1. Motion to disqualify
Plaintiff moves to disqualify defendant's counsel for the asserted reason that plaintiff's parole agent "told him that [defendant's counsel] called security/CHP when [plaintiff] was in the [Attorney General]'s office [on April 2, 2013] and wanted [plaintiff] arrested for allegedly harassing staff at the [Attorney General]'s office and making harassing telephone calls." (See Mot. at 3:14-17.) Plaintiff further states his parole agent told him he would no longer be allowed to go to the Attorney General's Office or to telephone defendant's counsel. (See Mot. at 3:22-23.) In opposition, defendant's counsel has submitted a declaration stating she was not in the office on April 2, 2013, "did not attempt to have [plaintiff] arrested, and did not tell his parole agent that he is not permitted to come to [her] office or call [her] on the telephone." (See Mossler Decl. ¶ 6.) Defendant's counsel further states she has confirmed with plaintiff's parole agent "that [plaintiff] is permitted to come to [her] building to attend to matters related to [their] litigation, and to contact [her] by telephone, by mail, by facsimile, or in person . . . to discuss the case[ ]." (See Mossler Decl. ¶ 7.)

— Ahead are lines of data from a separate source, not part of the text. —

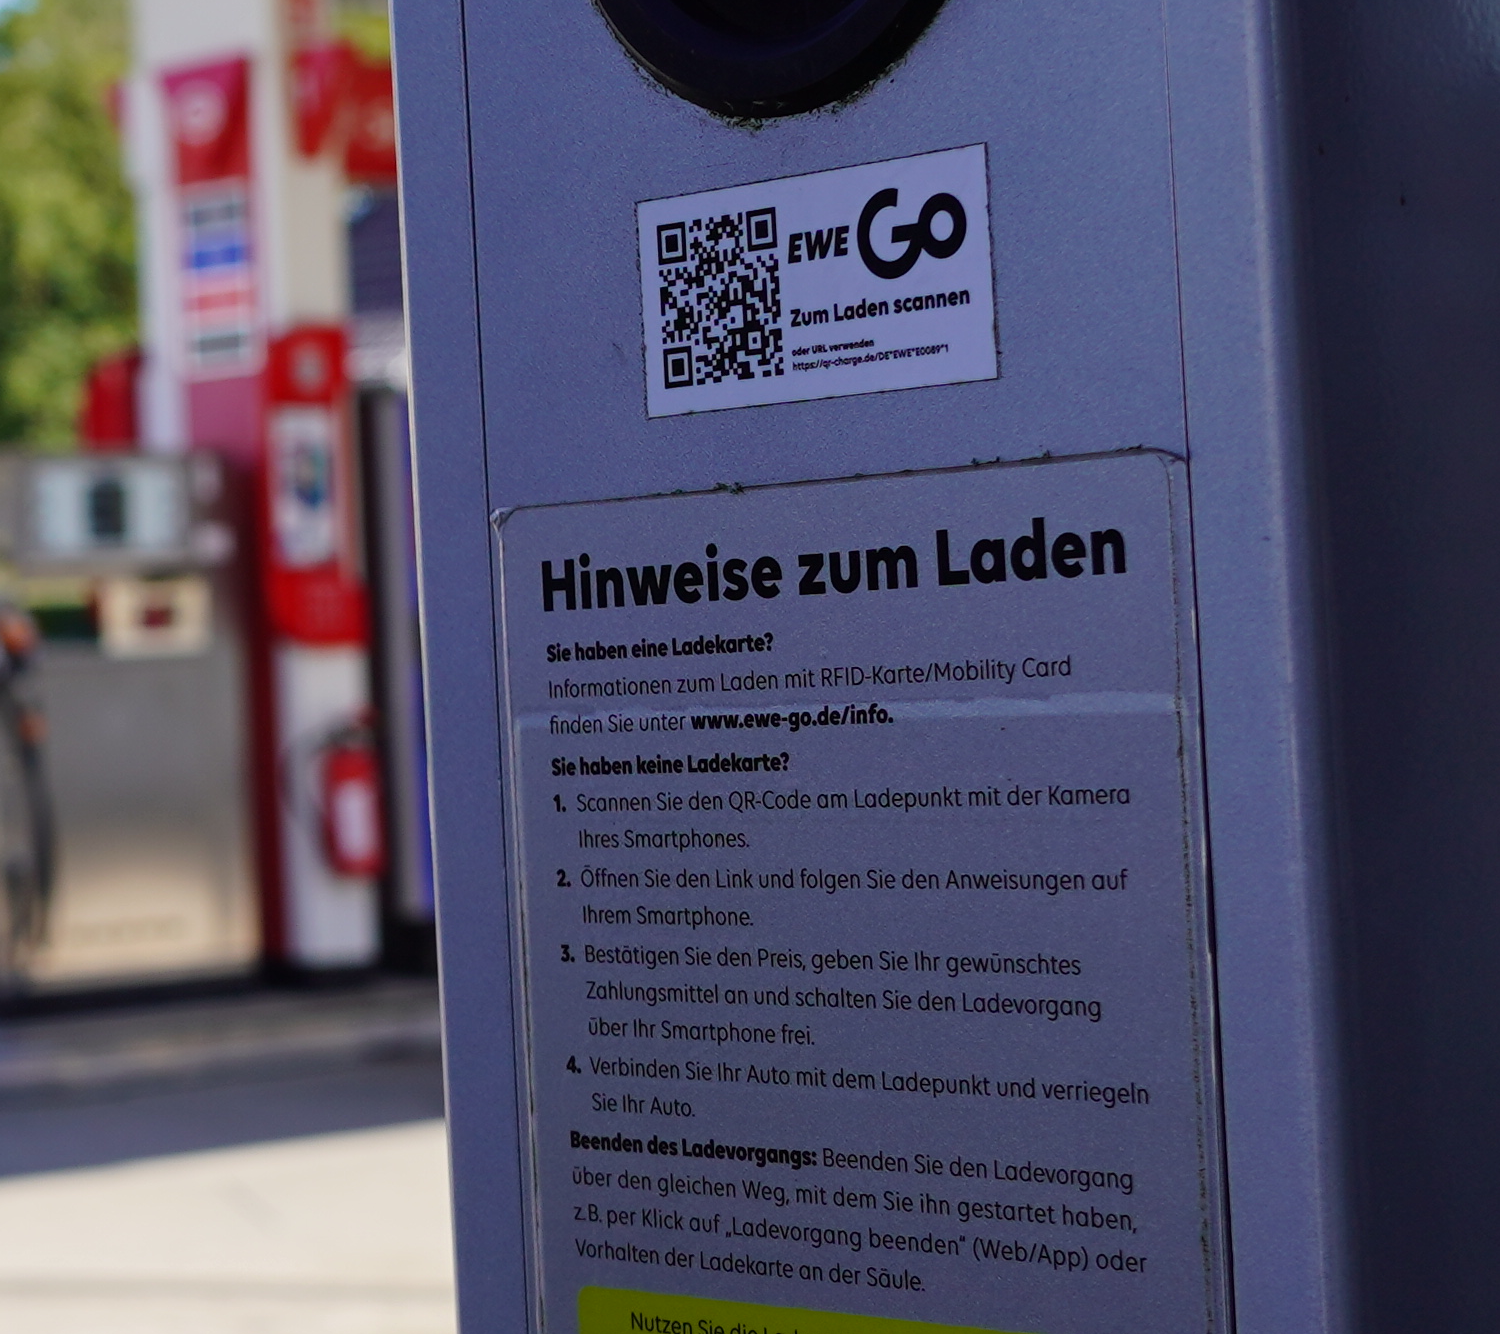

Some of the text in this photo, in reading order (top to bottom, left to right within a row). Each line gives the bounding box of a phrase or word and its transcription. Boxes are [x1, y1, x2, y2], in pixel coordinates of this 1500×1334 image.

[787, 225, 850, 265] EWE
[790, 290, 970, 327] Zum Laden scannen
[792, 339, 874, 356] oder URL verwenden
[542, 517, 1126, 612] Hinweise zum Laden
[547, 632, 773, 663] Sie haben eine Ladekarte?
[549, 655, 1071, 698] Informationen zum Laden mit RFID-Karte/Mobility Card
[550, 703, 894, 734] finden Sie unter www.ewe-go.de/info.
[552, 752, 789, 776] Sie haben keine Ladekarte?
[553, 785, 1130, 813] 1. Scannen Sie den QR-Code am Ladepunkt mit der Kamera
[579, 828, 750, 853] Ihres Smartphones.
[561, 945, 1081, 977] 3. Bestätigen Sie den Preis, geben Sie Ihr gewünschtes
[566, 1055, 1149, 1107] 4. Verbinden Sie Ihr Auto mit dem Ladepunkt und verriegeln
[592, 1093, 695, 1117] Sie Ihr Auto.
[570, 1131, 1133, 1195] Beenden des Ladevorgangs: Beenden Sie den Ladevorgang
[574, 1204, 1147, 1273] z.B. per Klick auf „Ladevorgang beenden“ (Web/App) oder
[575, 1239, 925, 1291] Vorhalten der Ladekarte an der Säule.

Additionally, counsel's supervisor has submitted a declaration in which he confirms counsel's absence from the office on April 2, 2013 and, further, explains how a misunderstanding as to the events of that date might have occurred. (See McCain Decl. ¶¶ 1-10.)

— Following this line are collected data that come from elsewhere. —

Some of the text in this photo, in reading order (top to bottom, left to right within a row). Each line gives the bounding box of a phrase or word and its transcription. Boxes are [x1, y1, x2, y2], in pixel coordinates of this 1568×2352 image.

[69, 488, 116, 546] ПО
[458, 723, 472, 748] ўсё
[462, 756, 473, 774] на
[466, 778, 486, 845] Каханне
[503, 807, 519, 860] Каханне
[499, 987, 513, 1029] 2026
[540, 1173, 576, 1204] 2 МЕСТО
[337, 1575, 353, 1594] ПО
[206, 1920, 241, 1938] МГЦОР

Under certain circumstances, "[t]he important right to counsel of one's choice must yield to ethical considerations that affect the fundamental principles of our judicial process." See People ex rel. Dep't of Corporations v. SpeeDee Oil Change Systems, Inc., 20 Cal. 4th 1135, 1145 (1999); see also In re Cnty. of Los Angeles, 223 F.3d 990, 995 (9th Cir. 2000) (applying California law to motion to disqualify). Here, however, unlike cases in which disqualification has been ordered, defendant's counsel has violated no ethical rule nor engaged in any other misconduct. See, e.g., Securities Investor Protection Corp. v. Vigman, 587 F. Supp. 1358, 1362 (C.D. Cal. 1984) (granting motion to disqualify counsel based on "contravention of the ABA Model Rules"); Cal Pak Delivery, Inc. v. United Parcel Serv., Inc., 52 Cal. App. 4th 1, 11-12 (1997) (affirming order disqualifying class counsel for unethical conduct where counsel offered to dismiss class action in exchange for payment of fees to himself). Consequently, defendant's counsel is not subject to disqualification.
Accordingly, plaintiff's motion for disqualification of defendant's counsel will be denied.
2. Motion for appointment of counsel
Pursuant to 28 U.S.C. § 1915(d), a district court may "appoint counsel in civil actions brought in forma pauperis." See United States v. $292,888.04 in U.S. Currency, 54 F.3d 564, 569 (9th Cir. 1995). "Appointment of counsel under this section is discretionary, not mandatory." Id. A district court may appoint counsel "only under exceptional circumstances," and, in evaluating a party's request for such appointment, must consider "the likelihood of success on the merits, and the ability of the petitioner to articulate his claims pro se in light of the complexity of the legal issues involved." See Terrell v. Brewer, 935 F.2d 1015, 1017 (1991) (internal quotation, alteration, and citation omitted).
Here, at this early stage of the litigation, the Court cannot determine the likelihood of plaintiff's prevailing on the merits of his claims. Moreover, plaintiff has been able to articulate the basis of his claims adequately without the assistance of counsel. (See Order filed May 17, 2013 (denying defendant's motion to dismiss).)
To the extent plaintiff suggests that without appointed counsel he is unable to meaningfully communicate with defendant's counsel due to his parole agent's asserted directive not to go to the Attorney General's Office or to telephone defendant's counsel, the Court is not persuaded. Nothing prevents plaintiff from communicating with opposing counsel by letter and/or e-mail.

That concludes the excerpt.